Leilani Farha is a Canadian lawyer who is the Global Director of THE SHIFT, a housing initiative. Between June 2014 and April 2020, she was the United Nations special rapporteur on adequate housing.

Career
Farha is legally trained  and an alumna of the University of Toronto, and has been an Executive Director of the Centre for Equality Rights in Accommodation (CERA) and Canada Without Poverty.

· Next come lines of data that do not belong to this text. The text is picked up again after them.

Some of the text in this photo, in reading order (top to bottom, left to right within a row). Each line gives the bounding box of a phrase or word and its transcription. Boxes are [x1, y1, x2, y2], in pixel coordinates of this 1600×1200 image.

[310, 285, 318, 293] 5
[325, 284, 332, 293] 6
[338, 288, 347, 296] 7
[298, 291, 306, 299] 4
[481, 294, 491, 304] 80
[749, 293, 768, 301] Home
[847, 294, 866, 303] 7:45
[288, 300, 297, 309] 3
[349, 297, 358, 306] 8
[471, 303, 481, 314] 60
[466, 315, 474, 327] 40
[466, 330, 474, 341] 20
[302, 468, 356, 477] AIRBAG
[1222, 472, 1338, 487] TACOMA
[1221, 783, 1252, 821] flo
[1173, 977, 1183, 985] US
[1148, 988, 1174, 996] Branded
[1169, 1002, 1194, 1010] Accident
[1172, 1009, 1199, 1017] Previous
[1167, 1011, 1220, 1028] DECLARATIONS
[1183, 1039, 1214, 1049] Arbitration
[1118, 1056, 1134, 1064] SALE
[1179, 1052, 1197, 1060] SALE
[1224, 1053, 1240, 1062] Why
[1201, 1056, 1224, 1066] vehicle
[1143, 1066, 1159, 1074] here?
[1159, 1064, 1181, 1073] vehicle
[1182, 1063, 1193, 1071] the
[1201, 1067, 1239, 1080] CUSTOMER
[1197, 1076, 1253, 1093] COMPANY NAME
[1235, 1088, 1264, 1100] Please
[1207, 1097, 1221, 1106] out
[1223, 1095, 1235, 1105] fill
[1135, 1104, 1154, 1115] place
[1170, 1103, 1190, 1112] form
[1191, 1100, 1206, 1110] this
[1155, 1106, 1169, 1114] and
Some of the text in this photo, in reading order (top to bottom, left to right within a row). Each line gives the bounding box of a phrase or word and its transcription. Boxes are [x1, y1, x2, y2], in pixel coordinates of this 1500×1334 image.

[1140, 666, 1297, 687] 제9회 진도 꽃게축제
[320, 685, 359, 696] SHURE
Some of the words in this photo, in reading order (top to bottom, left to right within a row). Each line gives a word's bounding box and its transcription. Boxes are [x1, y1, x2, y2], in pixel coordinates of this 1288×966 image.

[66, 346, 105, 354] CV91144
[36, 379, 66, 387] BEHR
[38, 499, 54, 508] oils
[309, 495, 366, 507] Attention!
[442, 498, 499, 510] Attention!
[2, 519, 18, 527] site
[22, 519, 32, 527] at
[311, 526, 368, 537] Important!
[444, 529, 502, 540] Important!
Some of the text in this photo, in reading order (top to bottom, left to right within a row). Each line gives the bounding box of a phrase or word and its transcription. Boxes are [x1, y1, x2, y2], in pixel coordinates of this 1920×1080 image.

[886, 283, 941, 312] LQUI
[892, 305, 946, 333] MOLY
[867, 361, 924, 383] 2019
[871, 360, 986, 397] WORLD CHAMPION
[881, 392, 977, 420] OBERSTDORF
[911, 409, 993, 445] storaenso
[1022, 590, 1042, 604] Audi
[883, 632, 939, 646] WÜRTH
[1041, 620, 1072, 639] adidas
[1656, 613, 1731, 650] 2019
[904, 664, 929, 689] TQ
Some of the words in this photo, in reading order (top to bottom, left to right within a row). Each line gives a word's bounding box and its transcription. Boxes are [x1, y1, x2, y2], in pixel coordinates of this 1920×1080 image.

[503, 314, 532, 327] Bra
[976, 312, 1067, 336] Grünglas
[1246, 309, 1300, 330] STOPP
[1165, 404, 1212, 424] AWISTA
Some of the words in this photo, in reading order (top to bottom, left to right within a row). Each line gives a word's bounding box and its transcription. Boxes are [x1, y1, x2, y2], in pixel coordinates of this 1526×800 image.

United Nations special rapporteur on housing
In her tenure as Special Rapporteur, she has focused on economic inequality and an absence of effective political representation for the poor as causes of homelessness or inadequate accommodation. Farha campaigns for the right to adequate housing for marginalized groups, she worked in Canada to implement United Nations resolutions that see homelessness as a violation of human rights. Farha has taken part in missions worldwide to examine the condition of housing rights and to develop policies to implement those rights.

Views
Leilani Farha told The Guardian about the Grenfell Tower fire. Farha fears tenants' human rights were breached because they were not sufficiently involved in the way the building was developed, notably safety issues, before the fire and are not sufficiently involved in the investigations after the fire. Farha stated, "I’m concerned when I have residents saying to me they feel they are not being heard and that they are not always being treated like human beings. Those are the fundamentals of human rights: voice, dignity, and participation in solutions to their own situations." Lack of safety over cladding used, over electrical circuits and access to the building for fire and rescue vehicles could have breached human rights to safe and secure housing, Farha stated.

THE SHIFT

Leilani Farha was a pioneer in launching THE SHIFT in 2019 as a new global movement to claim and realize the basic human right to housing; SHIFT encourages individuals and businesses to consider housing not exclusively as a place to invest excess capital, but to consider providing housing facilities as a place for people to live with dignity, raise families and participate more actively in the community. After leaving her position as UN Special Rapporteur, she became the Global Director of The Shift organization.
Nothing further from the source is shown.